Parado detrás de su atril, Lula Da Silva mira a un lado y al otro. No sonríe, pero tampoco está enojado. Su discurso en la Asamblea General de la ONU viene cargado de convicción: defiende la necesidad de regular las redes sociales. El gran sobreviviente de la oleada de gobiernos populares de América del Sur ha decidido enfrentar a las big tech. Aunque la afirmación del presidente de Brasil plantea, en verdad, un interrogante: ¿son las plataformas una tierra sin ley?
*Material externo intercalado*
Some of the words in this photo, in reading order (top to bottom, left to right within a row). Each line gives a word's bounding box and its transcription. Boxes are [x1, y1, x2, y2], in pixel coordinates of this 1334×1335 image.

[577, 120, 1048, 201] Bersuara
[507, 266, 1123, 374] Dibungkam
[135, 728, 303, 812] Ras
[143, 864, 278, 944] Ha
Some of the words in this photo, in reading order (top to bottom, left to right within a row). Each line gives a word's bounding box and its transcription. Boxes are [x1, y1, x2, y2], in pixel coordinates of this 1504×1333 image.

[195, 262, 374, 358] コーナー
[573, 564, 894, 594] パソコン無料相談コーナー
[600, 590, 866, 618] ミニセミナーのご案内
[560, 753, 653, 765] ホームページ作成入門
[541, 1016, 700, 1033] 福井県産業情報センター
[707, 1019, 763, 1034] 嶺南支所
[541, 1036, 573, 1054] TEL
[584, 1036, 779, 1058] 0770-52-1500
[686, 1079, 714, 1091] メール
Cuando se habla de las redes sociales, suele pensarse en el tiempo. En la duración de un scrolleo, en la brevedad de los reels. Lula, ante los presidentes del mundo, presenta a las plataformas como un espacio. Más aún: como un espacio por fuera del derecho. No es el primero en pensar la regulación de las redes en términos geográficos. Benjamin Bratton, en The Stack, advierte que la programación y el diseño de las plataformas cumplen una función arquitectónica: crean un espacio que organiza las interacciones. Si esto es así, se impone una pregunta: quién ejerce el poder de soberanía sobre ese espacio y quién lo gobierna.
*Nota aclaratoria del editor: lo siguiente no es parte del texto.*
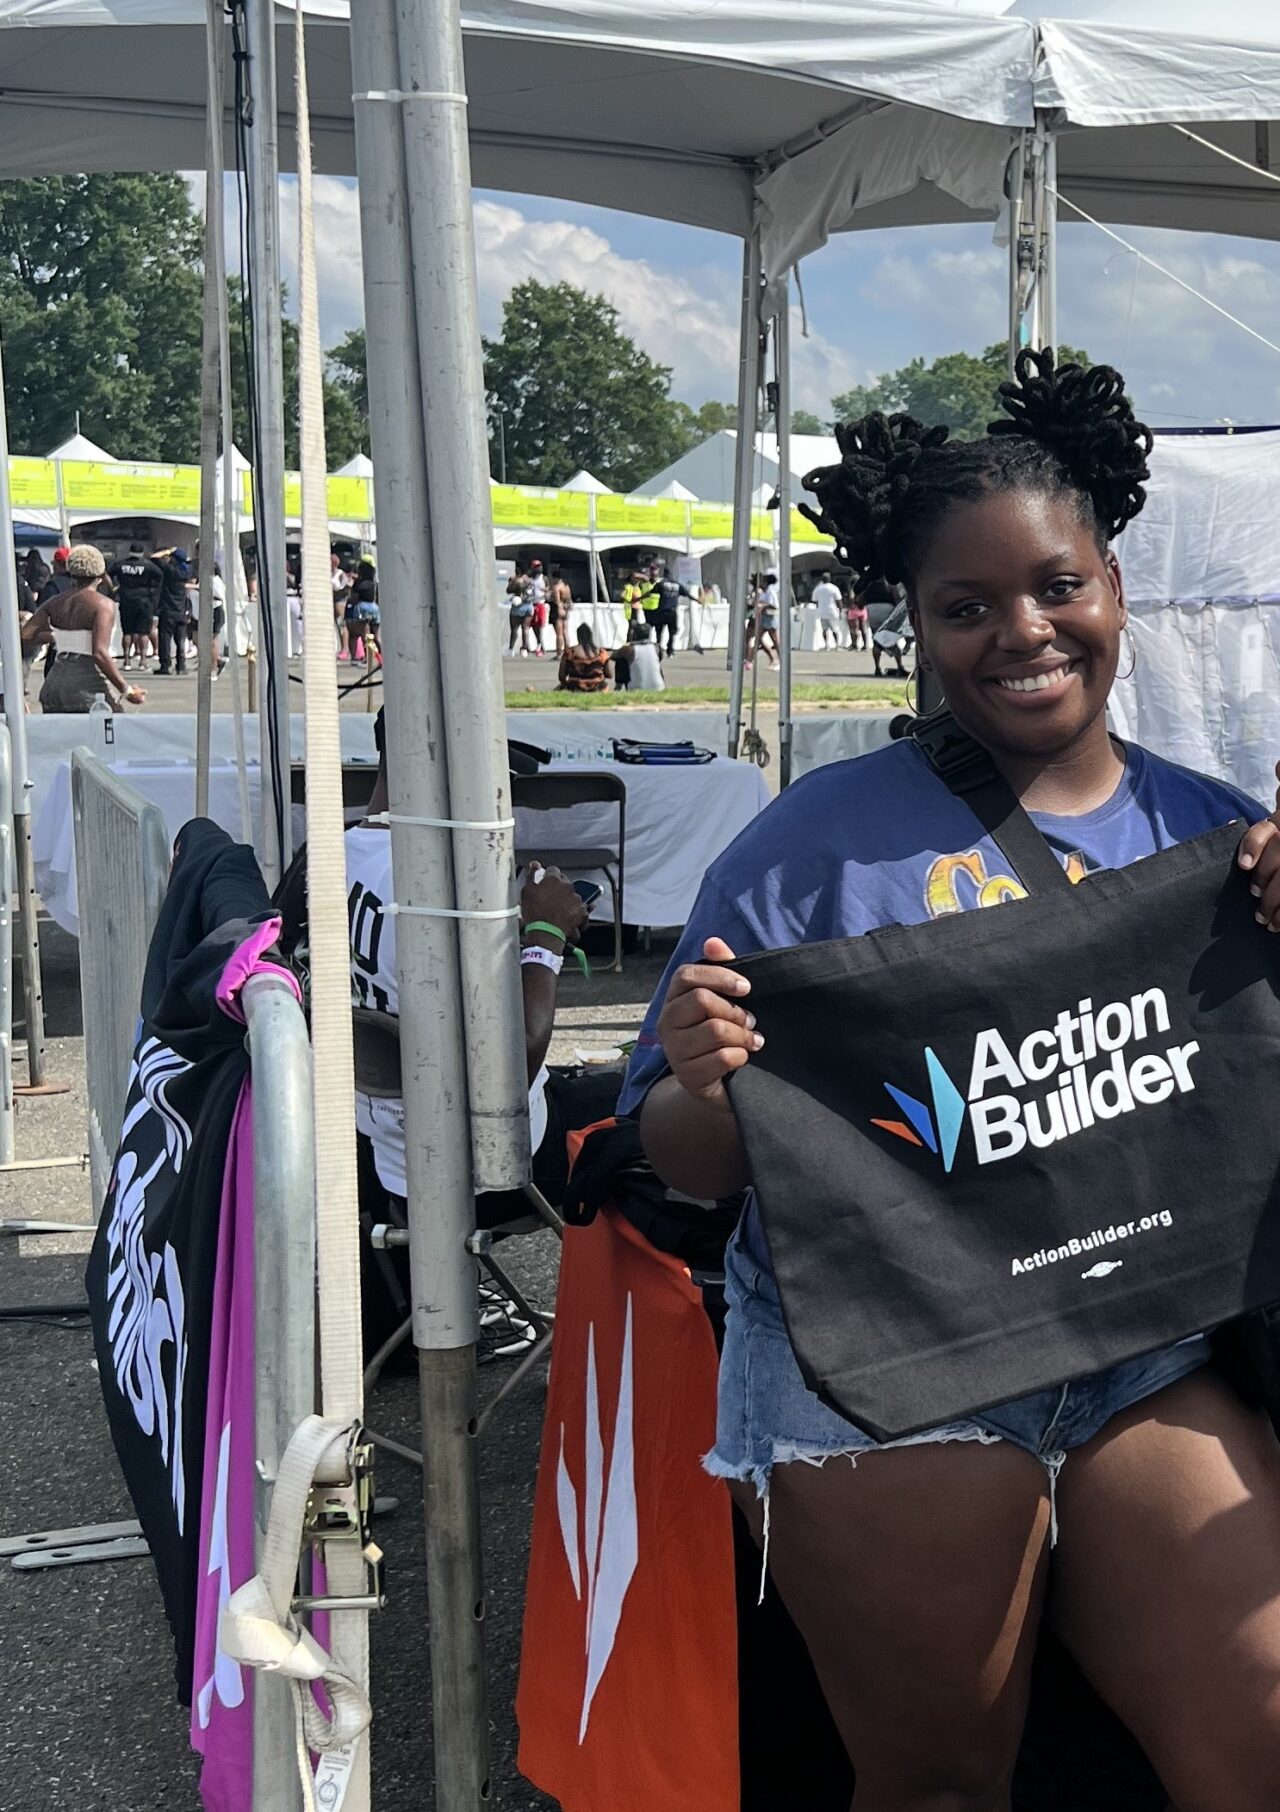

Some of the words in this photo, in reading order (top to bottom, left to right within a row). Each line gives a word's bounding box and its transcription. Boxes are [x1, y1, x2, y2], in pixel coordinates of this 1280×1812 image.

[967, 986, 1171, 1102] Action
[968, 1040, 1200, 1166] Builder
[1010, 1208, 1174, 1277] ActionBuilder.org
El capitalismo occidental, en las últimas dos décadas, se ha mimetizado con las caras de Elon Musk, Mark Zuckerberg y Jeff Bezos. Lula sugiere que las redes sociales no pueden ser una tierra sin ley del Estado. Se posiciona en contra de la autorregulación, de que sean los dueños quienes legislen el territorio digital que se superpone con el espacio soberano de las naciones. ¿Qué hace el presidente de Brasil, entonces? Envía un paquete de leyes al Congreso para regular a las plataformas. Confronta a las big tech y a Trump, cuyos intereses se han fusionado desde que asumió su segundo mandato.
Transformar es mejor que aprender
La intervención de Lula en el mayor órgano de la diplomacia mundial parece ajena a la coyuntura argentina. Pero no lo es. Sobre todo, en tiempos electorales. Los partidos políticos invierten millones en publicidad y diagraman sus campañas digitales. Se suele concebir a las redes sociales como un espacio disponible para la aplicación instrumental de estrategias destinadas a capturar el voto, en especial de los jóvenes. El éxito de las derechas radicalizadas se ha atribuido, en más de una ocasión, a su presunta sabiduría en el manejo de estas plataformas.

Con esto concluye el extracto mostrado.